Roberta "Bobbi" Gibb completed the 1967 Boston Marathon unofficially; she had completed the marathon in 1966 having been denied an official entry by race director Will Cloney, who rejected her registration with the claim that women were physiologically incapable of running 26 mi. Gibb finished the 1966 race in 3 hours, 21 minutes and 40 seconds, ahead of two-thirds of the runners. Another woman, Kathrine Switzer, completed the 1967 race having registered officially. Although the Boston Marathon rule book made no mention of sex, Semple later claimed her race registration was a result of an "oversight" in the entry-screening process. Semple tried to stop Switzer by repeatedly assaulting her as she ran. Switzer wrote in her memoir "A big man, a huge man, with bared teeth was set to pounce, and before I could react he grabbed my shoulder and flung me back, screaming, 'Get the hell out of my race and give me those numbers!'" Switzer's boyfriend Tom Miller managed to shove Semple aside after Semple had knocked Switzer's slightly-built 51-year-old coach to the ground when he attempted to protect Switzer; both Miller and Switzer's coach were competing in the race alongside Switzer. In a 1968 interview, Semple complained that Miller was a hammer thrower. Photographs of Semple attempting to rip Switzer's number off were widespread in the media.

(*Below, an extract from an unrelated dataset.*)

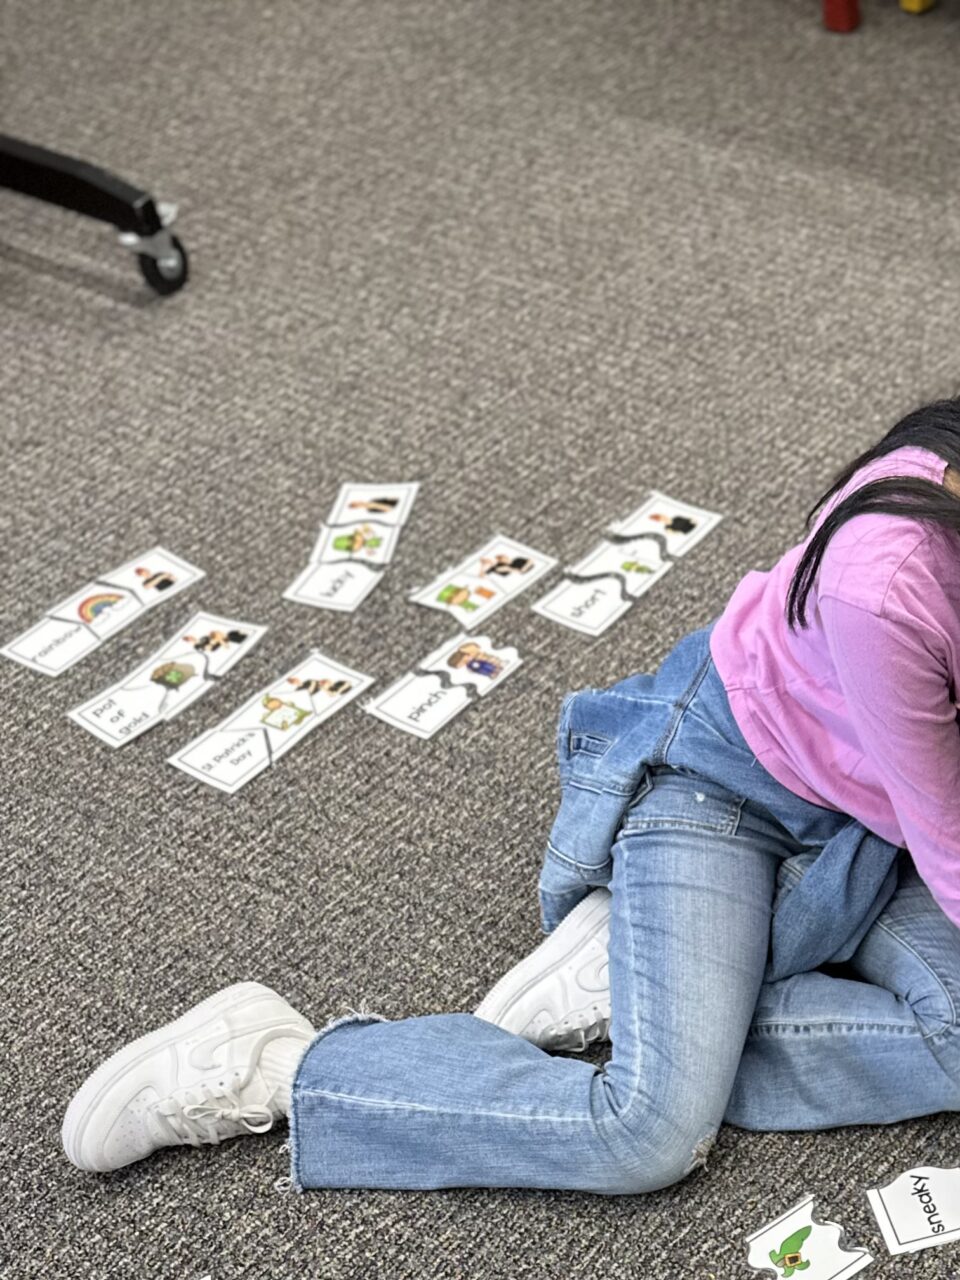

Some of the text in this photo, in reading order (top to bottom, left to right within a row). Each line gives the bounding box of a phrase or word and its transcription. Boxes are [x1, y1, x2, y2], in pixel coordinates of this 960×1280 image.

A consequence of Switzer's completion of the 1967 Boston Marathon as an officially registered runner in line with the rules then in force was that the AAU changed its rules to bar women from competing in races against men.

Later in life, Semple reversed his position on women competing in the marathon. According to Marja Bakker (a later organizer of the race), "Once the rule was adjusted and women were allowed in the race, Jock was one of their staunchest supporters. He was very progressive." Semple later publicly reconciled with Switzer. "Old Jock Semple and I became the best of friends," she told a reporter in 2015. "It took a long time: six years. But we became best of friends."

In 1981, he published an autobiography, Just Call Me Jock. He was inducted into the RRCA American Long Distance Running Hall of Fame in 1985.

Semple died of cancer of the liver and pancreas in March 1988 in Peabody, Massachusetts. He and Kathrine Switzer had become friends and she would visit him at the hospital where he was being treated for his cancer. The Jock Semple Award given by the Boston Athletic Association is named in his honor.